• TASK MATERIAL:
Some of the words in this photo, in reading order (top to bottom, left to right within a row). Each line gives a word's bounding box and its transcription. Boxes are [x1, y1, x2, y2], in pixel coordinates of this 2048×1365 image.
---
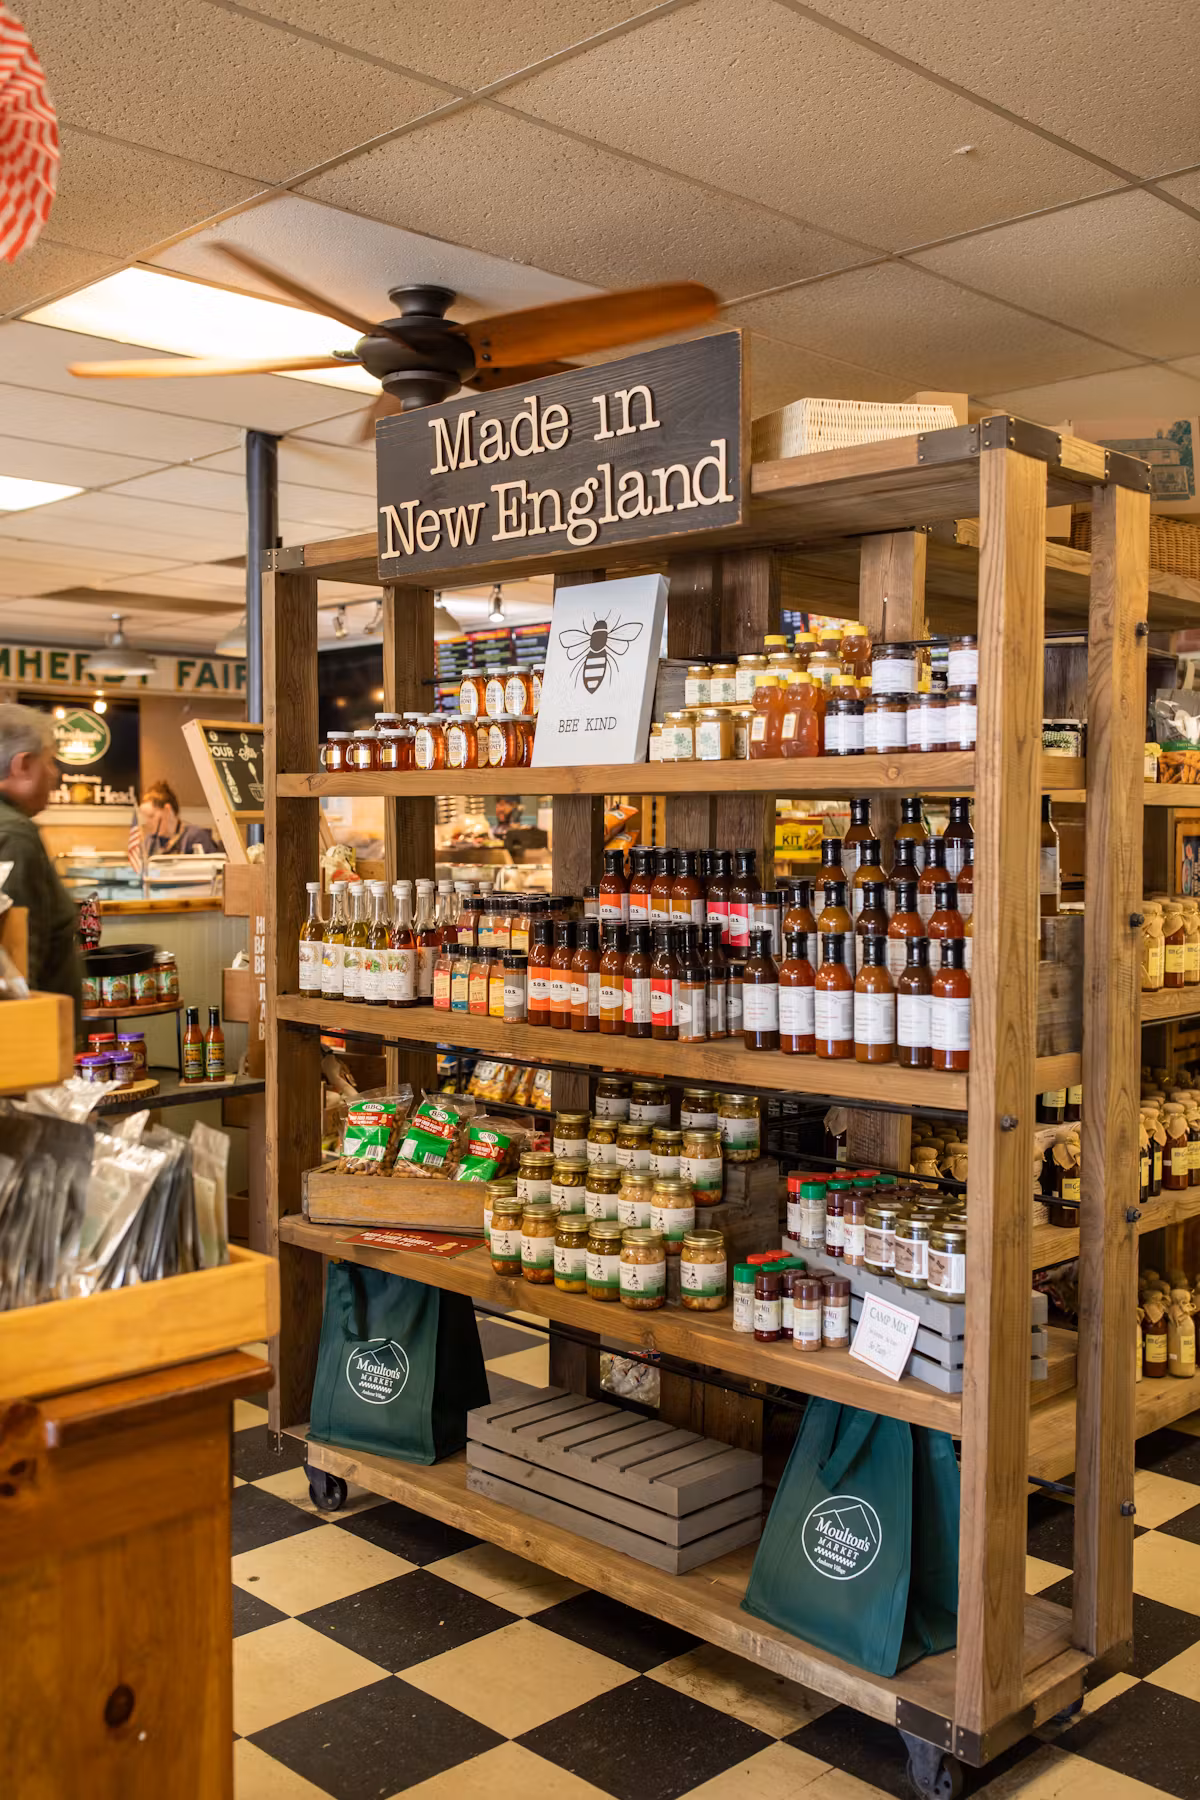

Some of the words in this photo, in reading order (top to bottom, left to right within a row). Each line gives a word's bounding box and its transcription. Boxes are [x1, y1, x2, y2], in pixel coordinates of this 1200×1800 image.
---
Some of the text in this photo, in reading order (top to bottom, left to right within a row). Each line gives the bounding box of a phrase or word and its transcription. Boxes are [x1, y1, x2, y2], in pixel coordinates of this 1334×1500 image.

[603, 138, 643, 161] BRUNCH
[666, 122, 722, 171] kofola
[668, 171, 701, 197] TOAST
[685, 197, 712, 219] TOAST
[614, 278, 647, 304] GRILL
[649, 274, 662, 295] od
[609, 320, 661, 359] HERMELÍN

• WHAT THE TASK REQUIRES: Which lines above contain "words"? Show each of them.

• REPLY:
Some of the words in this photo, in reading order (top to bottom, left to right within a row). Each line gives a word's bounding box and its transcription. Boxes are [x1, y1, x2, y2], in pixel coordinates of this 2048×1365 image.
Some of the words in this photo, in reading order (top to bottom, left to right within a row). Each line gives a word's bounding box and its transcription. Boxes are [x1, y1, x2, y2], in pixel coordinates of this 1200×1800 image.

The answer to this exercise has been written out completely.